TASK DESCRIPTION ▸
Copy the listing exactly as given. Omit every picture.

Top of THE DATA

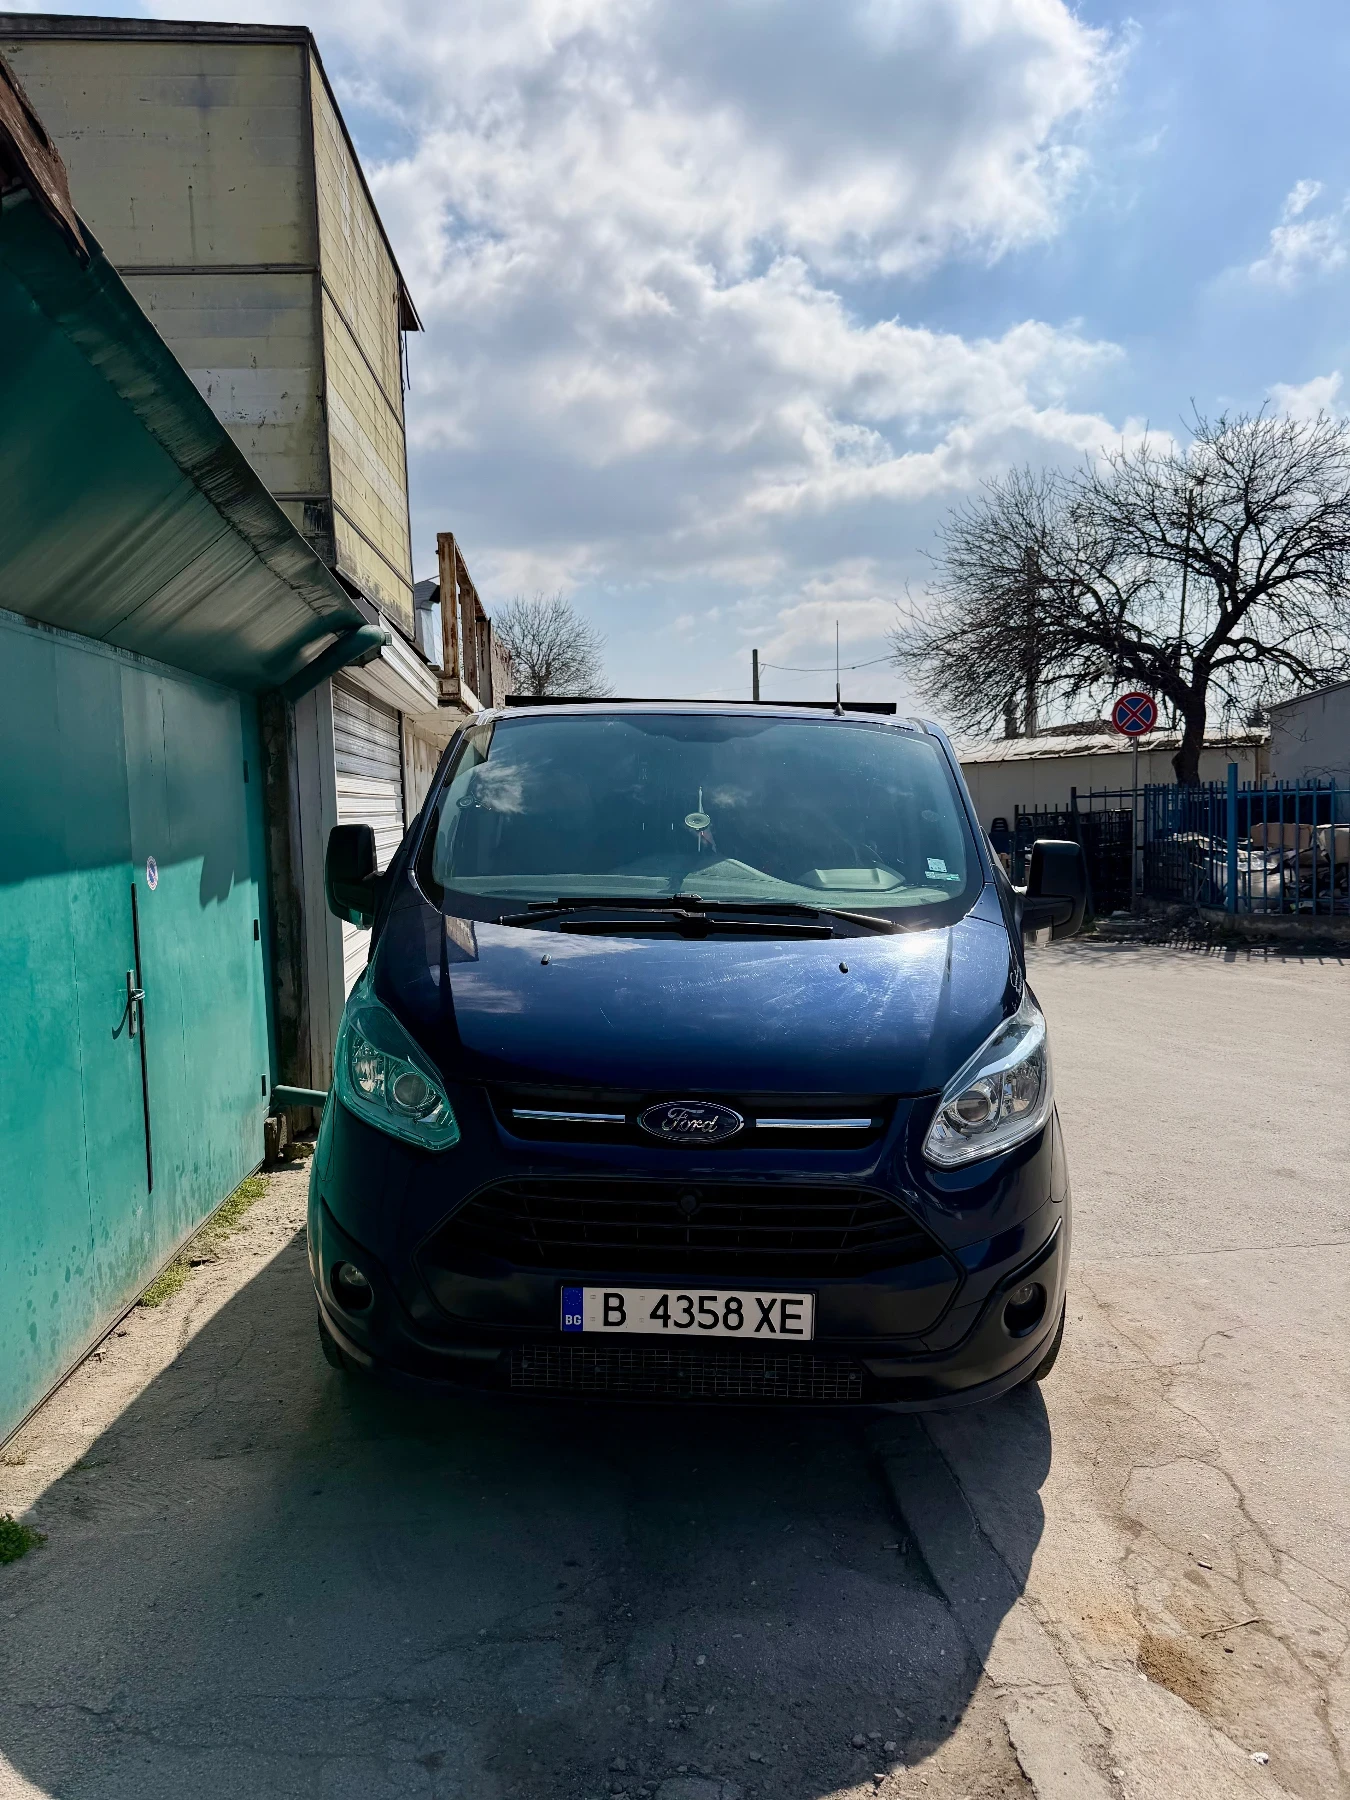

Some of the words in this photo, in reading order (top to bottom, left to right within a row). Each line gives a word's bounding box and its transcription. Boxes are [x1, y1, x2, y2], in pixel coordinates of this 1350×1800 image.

[661, 1107, 719, 1133] Ford
[565, 1314, 582, 1325] BG
[603, 1292, 627, 1327] B
[649, 1294, 744, 1331] 4358
[754, 1297, 804, 1335] XE
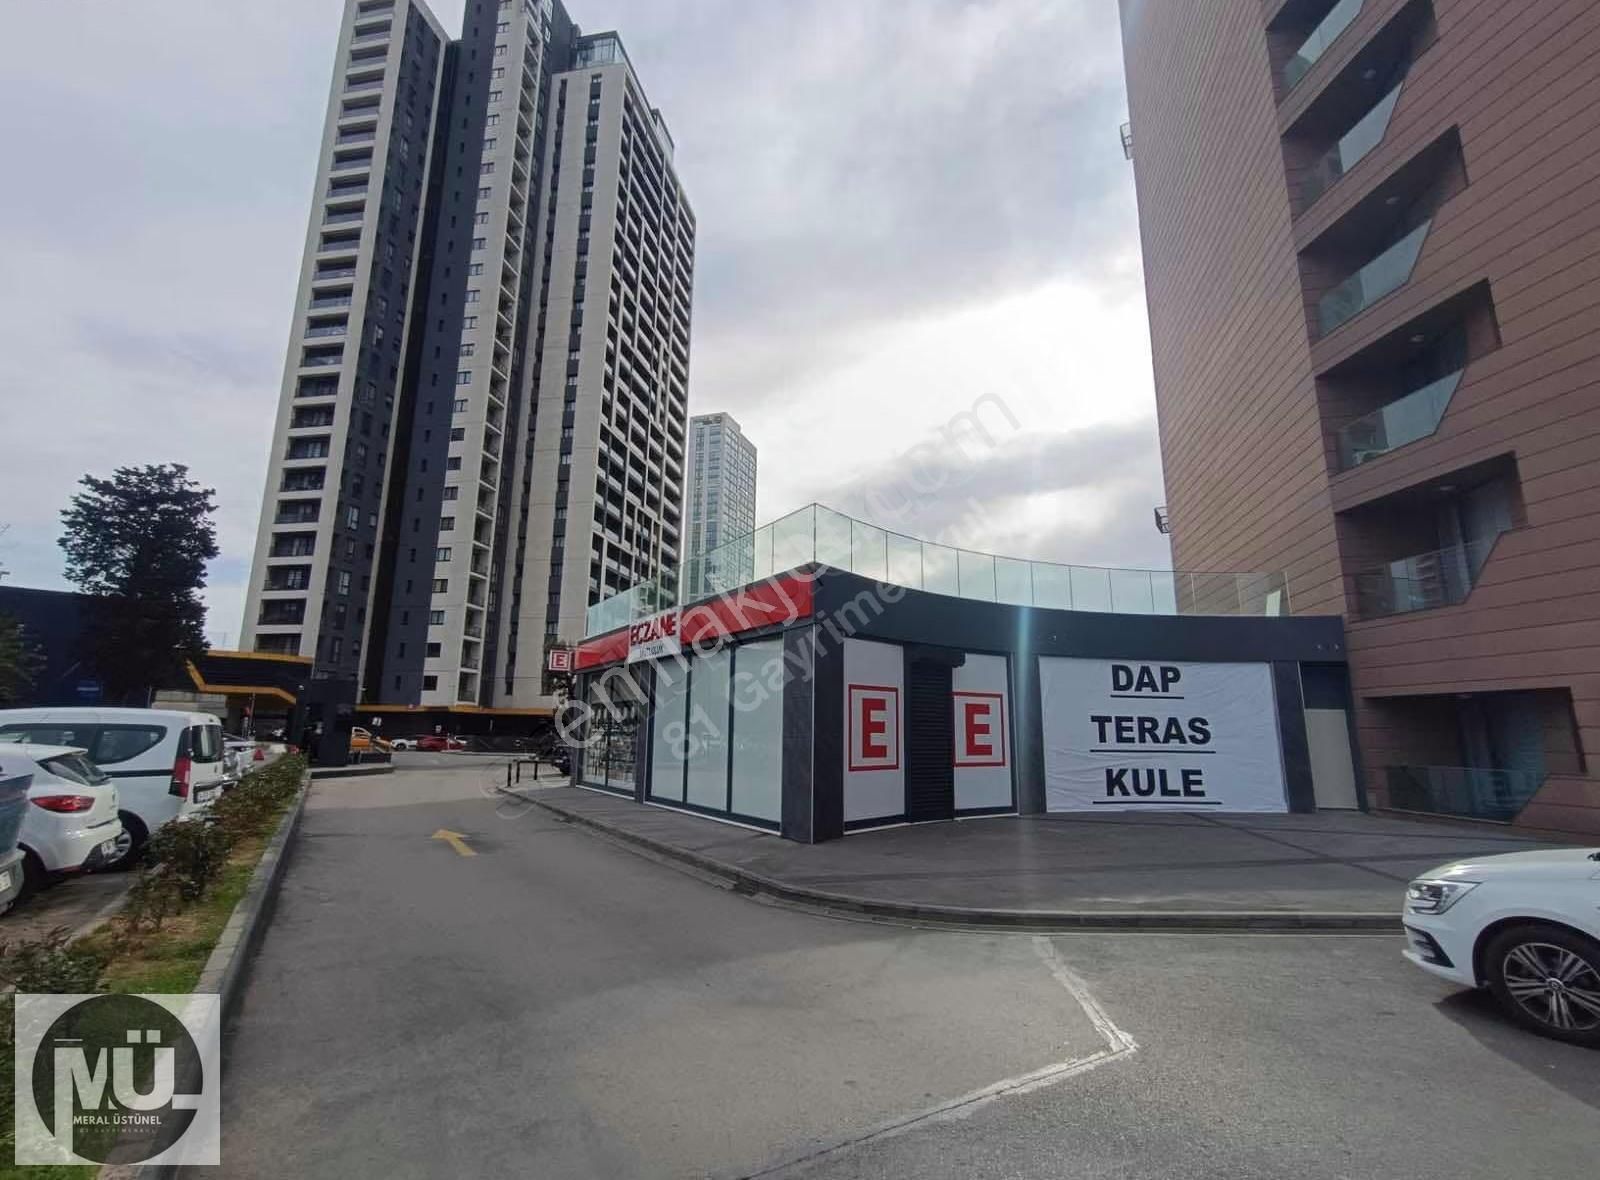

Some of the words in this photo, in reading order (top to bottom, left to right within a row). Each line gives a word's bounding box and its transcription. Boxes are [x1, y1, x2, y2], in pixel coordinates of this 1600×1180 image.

[630, 612, 677, 646] ECZANE
[555, 654, 567, 666] E
[1112, 664, 1181, 693] DAP
[862, 698, 887, 758] E
[965, 703, 992, 756] E
[1091, 715, 1211, 745] TERAS
[1105, 768, 1206, 797] KULE

Bottom of THE DATA

EXERCISE SOLUTION ▸
Some of the words in this photo, in reading order (top to bottom, left to right within a row). Each line gives a word's bounding box and its transcription. Boxes are [x1, y1, x2, y2], in pixel coordinates of this 1350×1800 image.

[661, 1107, 719, 1133] Ford
[565, 1314, 582, 1325] BG
[603, 1292, 627, 1327] B
[649, 1294, 744, 1331] 4358
[754, 1297, 804, 1335] XE

Some of the words in this photo, in reading order (top to bottom, left to right within a row). Each line gives a word's bounding box and its transcription. Boxes are [x1, y1, x2, y2], in pixel coordinates of this 1600×1180 image.

[630, 612, 677, 646] ECZANE
[555, 654, 567, 666] E
[1112, 664, 1181, 693] DAP
[862, 698, 887, 758] E
[965, 703, 992, 756] E
[1091, 715, 1211, 745] TERAS
[1105, 768, 1206, 797] KULE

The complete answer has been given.